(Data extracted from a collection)
========================================

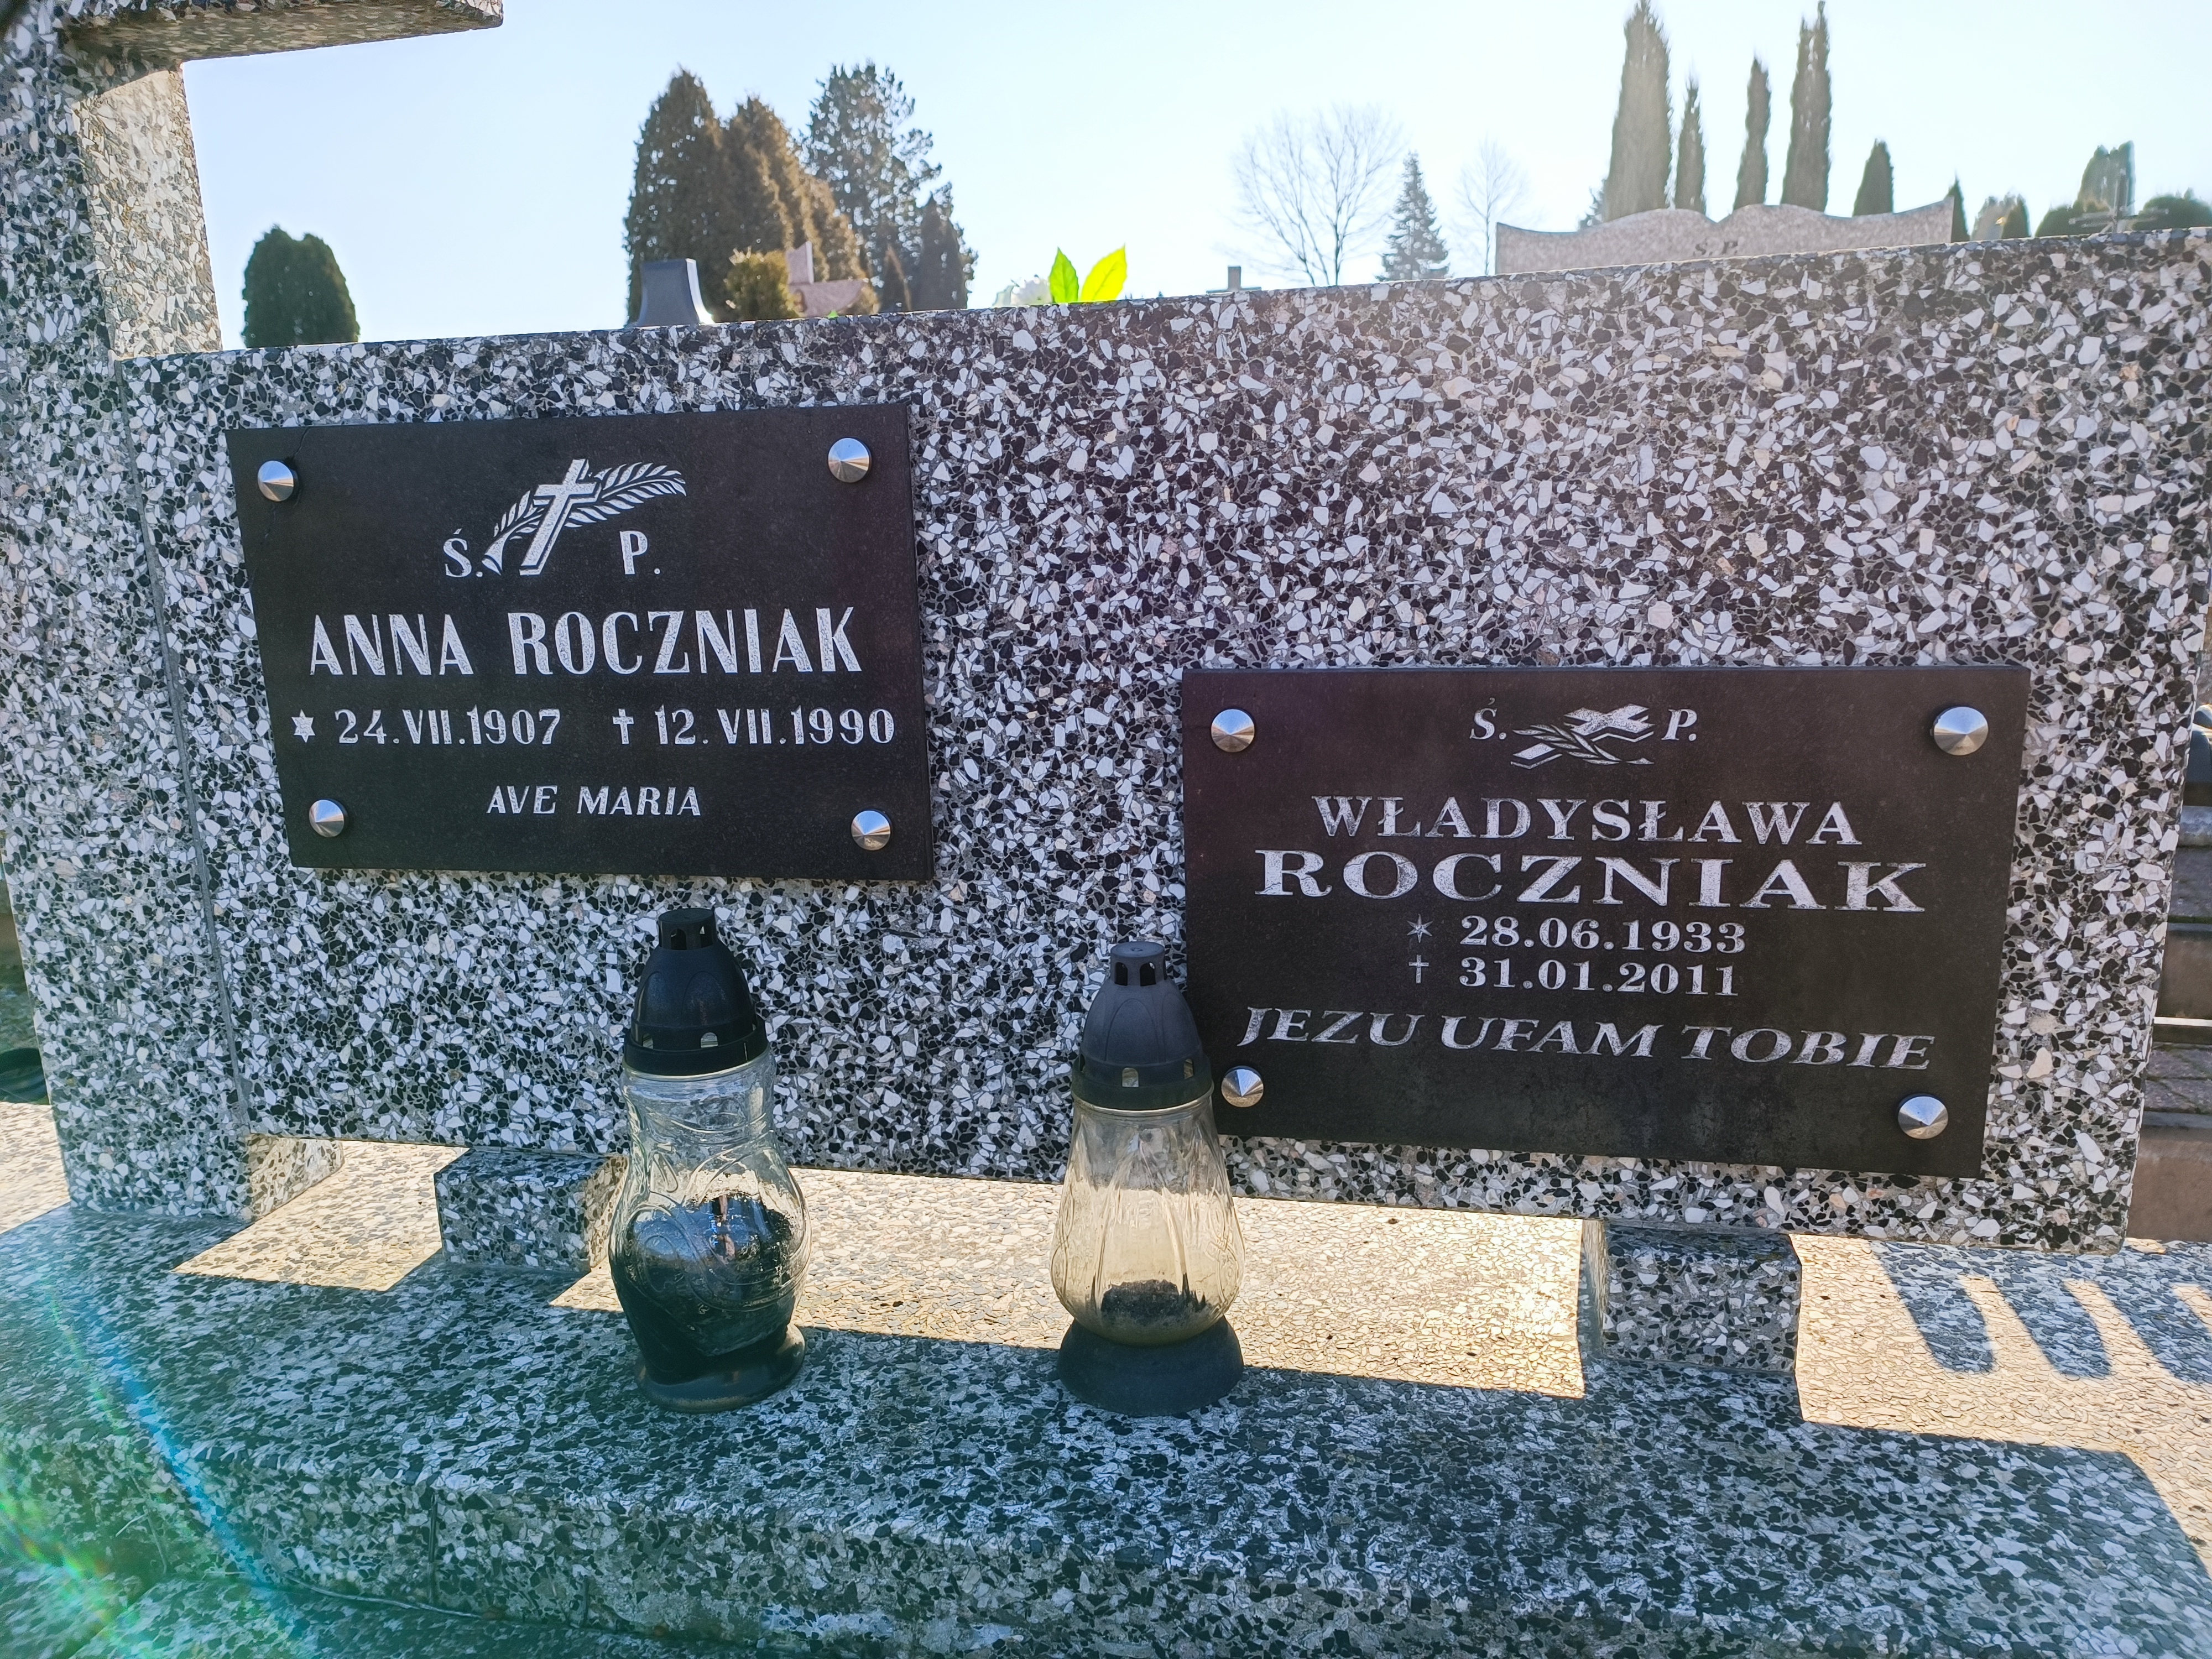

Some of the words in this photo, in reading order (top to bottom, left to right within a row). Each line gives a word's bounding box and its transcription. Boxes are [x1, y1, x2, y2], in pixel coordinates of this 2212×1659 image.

[443, 529, 483, 578] Ś.
[619, 530, 661, 575] P.
[310, 613, 474, 676] ANNA
[508, 606, 862, 675] ROCZNIAK
[334, 705, 561, 745] 24.VII.1907
[1469, 697, 1507, 740] Ś.
[1661, 708, 1698, 742] P.
[486, 785, 559, 815] AVE
[576, 785, 701, 816] MARIA
[1311, 795, 1863, 846] WŁADYSŁAWA
[1254, 849, 1927, 912] ROCZNIAK
[1459, 915, 1745, 954] 28.06.1933
[1459, 956, 1739, 997] 31.01.2011
[1237, 1006, 1425, 1047] JEZU
[1441, 1015, 1663, 1058] UFAM
[1681, 1025, 1936, 1070] TOBIE

========================================

Word for word and without any pictures, return all of the lines above.

Some of the words in this photo, in reading order (top to bottom, left to right within a row). Each line gives a word's bounding box and its transcription. Boxes are [x1, y1, x2, y2], in pixel coordinates of this 2212×1659 image.

[443, 529, 483, 578] Ś.
[619, 530, 661, 575] P.
[310, 613, 474, 676] ANNA
[508, 606, 862, 675] ROCZNIAK
[334, 705, 561, 745] 24.VII.1907
[1469, 697, 1507, 740] Ś.
[1661, 708, 1698, 742] P.
[486, 785, 559, 815] AVE
[576, 785, 701, 816] MARIA
[1311, 795, 1863, 846] WŁADYSŁAWA
[1254, 849, 1927, 912] ROCZNIAK
[1459, 915, 1745, 954] 28.06.1933
[1459, 956, 1739, 997] 31.01.2011
[1237, 1006, 1425, 1047] JEZU
[1441, 1015, 1663, 1058] UFAM
[1681, 1025, 1936, 1070] TOBIE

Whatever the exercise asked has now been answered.